The holiday season is upon us and that calls for delicious, seasonally appropriate food being consumed at a mildly alarming rate.
Thanksgiving already feels like the distant past, with fading memories of warm mashed potatoes and stuffing smothered in gravy. My pitiful fridge has nothing on the food my mom can pile up when my sister and I are home for break.
I personally think that holidays are a time to indulge in behaviors you might not normally, such as eating a lot of rich food or watching TV for six hours straight.
So while I support everyone’s right to eat that third piece of pie, I recognize healthy eating is a lifestyle for many (including me) that doesn’t simply end the day before Thanksgiving and pick up after New Year's.
So keeping in mind my desire to enjoy holiday events centered on food while also fueling my body, I’ve come up with a few tips. I’m not a nutritionist, but I think these are reasonable pieces of advice that can help you feel better after going overboard.
First off, I’ve learned the hard way to avoid the finger foods and dip lying around before the main event. It sucks to be full on bread, chips, salsa, pretzels and cheese before the ham is even out of the oven.

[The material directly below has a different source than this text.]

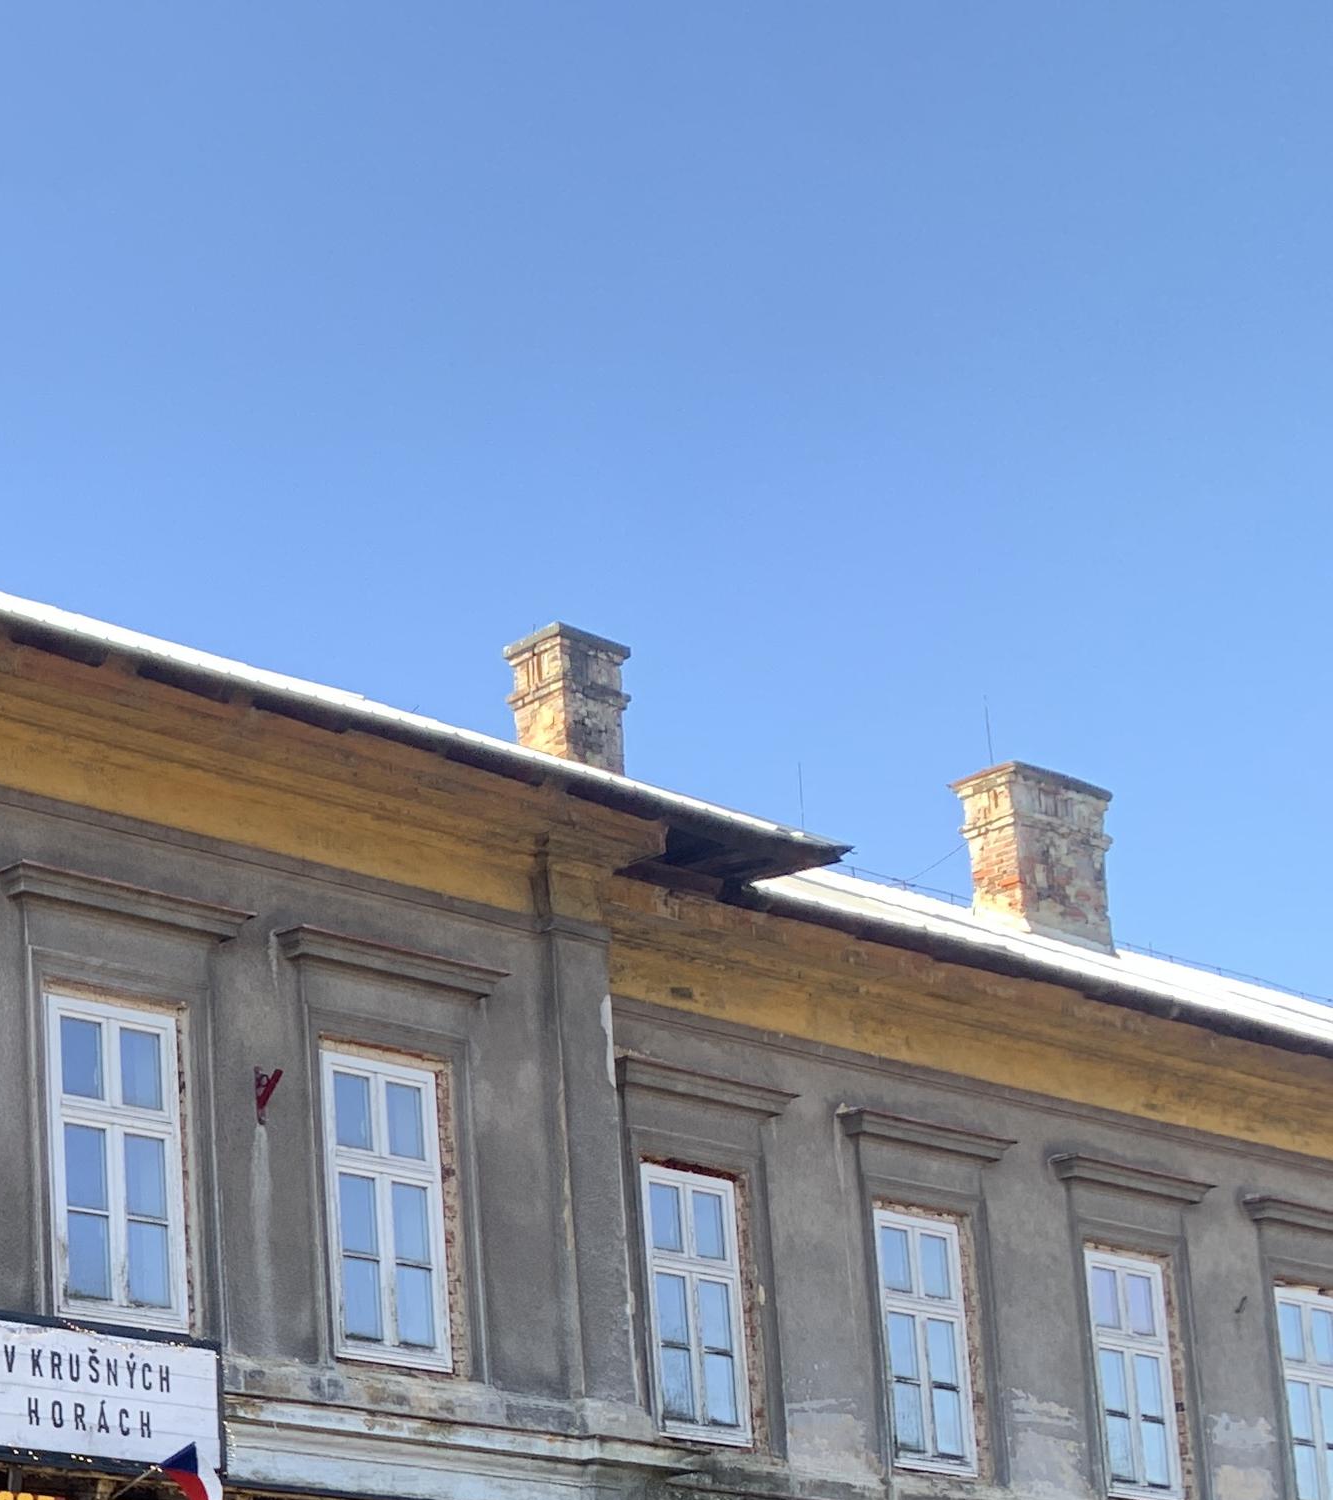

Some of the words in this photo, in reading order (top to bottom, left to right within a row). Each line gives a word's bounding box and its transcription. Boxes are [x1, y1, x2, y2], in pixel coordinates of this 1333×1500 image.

[4, 1344, 16, 1373] V
[30, 1346, 171, 1394] KRUŠNÝCH
[28, 1397, 153, 1440] HORÁCH

Appetizers are filling without much actual substance, and you’ll be hungry later when the main dishes have already been eaten. I make a conscious effort to eat less of these tasty snacks when I’m waiting for dinner and avoiding conversation with people I don’t know.
Help your mom with cooking. It’s fun, and she would probably welcome it.
Second, avoid loading up your plate all at once. Take smaller portions and then go back for more when you’re ready. Your body will fill up gradually as it’s supposed to, and you’ll be left with less food on the plate. Plus, it’s a great way to avoid food waste.
Another tip I tried this year is taking the initiative to bring a healthy dish if you know none will be available. At Thanksgiving, I always miss having a few vegetables that aren’t baked and fried.
I tried to balance it out by bringing a mushroom barley salad that turned out to be very tasty, and I wasn’t the only one to eat it. Chances are, there are more than a few people at your family gathering wishing for a few healthier options.
One last way to cut down on sugar and carb intake is to watch what you’re drinking with the meal. Liters of soda are ubiquitous at any gathering of more than six people, but try and avoid them.
Beer and wine can also add up, especially if you’re drinking over the course of a few hours and lose track of how many glasses you’ve downed. Drink water before and after the meal, but enjoy your beverage of choice during for the full experience.
There are a million of things health blogs and magazines recommend you do, like using skinnier drink glasses and avoiding the color red because it's an appetite stimulant, but I think it comes down to common sense and moderation.
I encourage everyone to enjoy food that comes around only once a year, just do it concurrently with your normal eating habits.